Pourtant, il convient de noter que le DoJ a astucieusement ciblé ses contestations judiciaires et pourrait encore remporter quelques victoires. La vente d’annonces pour d’autres sites Web peut être une partie relativement petite – et en baisse – des opérations globales de Google, mais elle valait encore plus de 30 milliards de dollars l’année dernière. Pour de nombreux éditeurs, le cas serait important s’il leur permettait de payer des frais moins élevés aux fournisseurs de “technologies publicitaires” qui gèrent leurs ventes publicitaires, bien que ce ne soit en aucun cas une chose sûre.
En conséquence, les affaires du DoJ pourraient au moins finir par nuire davantage à l’armure de Google que les batailles juridiques de longue date de la Commission européenne avec l’entreprise. Bruxelles a infligé trois amendes totalisant 8,25 milliards d’euros, mais n’a imposé aucun changement significatif dans les pratiques commerciales de Google. S’il réussit finalement à séparer une partie des opérations de technologie publicitaire de Google et à limiter la capacité de l’entreprise à conclure des accords de distribution de recherche, le DoJ pourra réclamer plus de résultats directs.

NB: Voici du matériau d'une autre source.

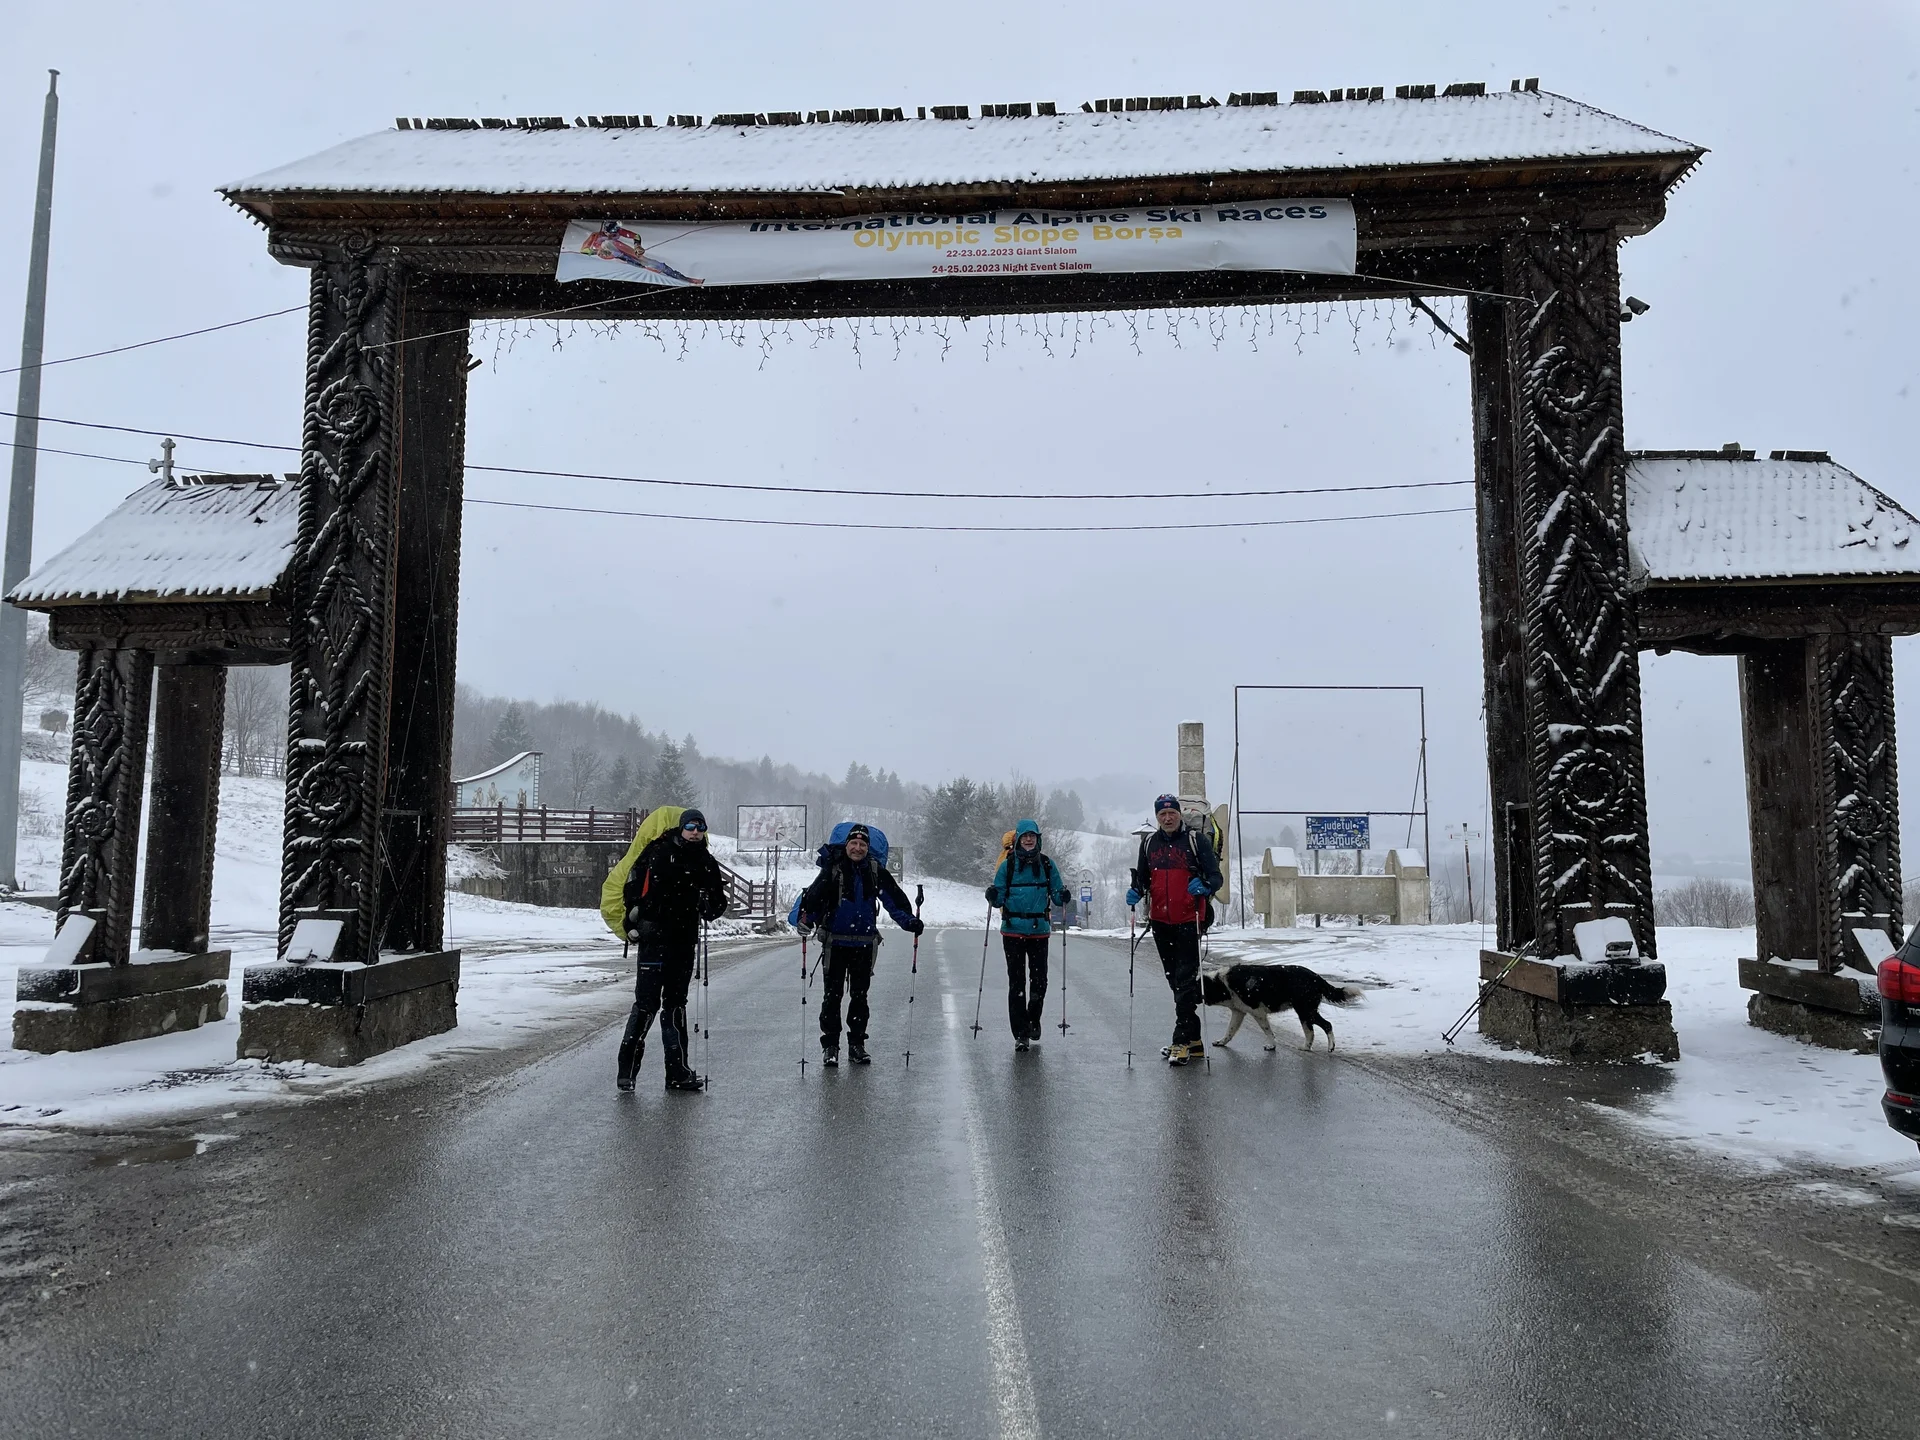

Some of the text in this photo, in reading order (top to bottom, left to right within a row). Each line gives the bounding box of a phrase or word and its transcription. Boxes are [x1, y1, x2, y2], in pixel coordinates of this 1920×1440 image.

[749, 205, 1328, 232] International Alpine Ski Races
[853, 225, 1183, 251] Olympic Slope Borșa
[946, 247, 1077, 258] 22-23.02.2023 Giant Slalom
[932, 261, 1092, 274] 24-25.02.2023 Night Event Slalom

Google aurait encore tout le temps de trouver des moyens d’atténuer les dégâts. Mais une victoire juridique du gouvernement américain prouverait que les défenses juridiques de Big Tech ne sont pas imprenables et pourrait faire basculer l’opinion publique en faveur de contrôles plus importants. Peut-être qu’à ce moment-là, le Congrès rassemblerait enfin la volonté d’agir. Mais il ne suffirait pas de retenir votre souffle.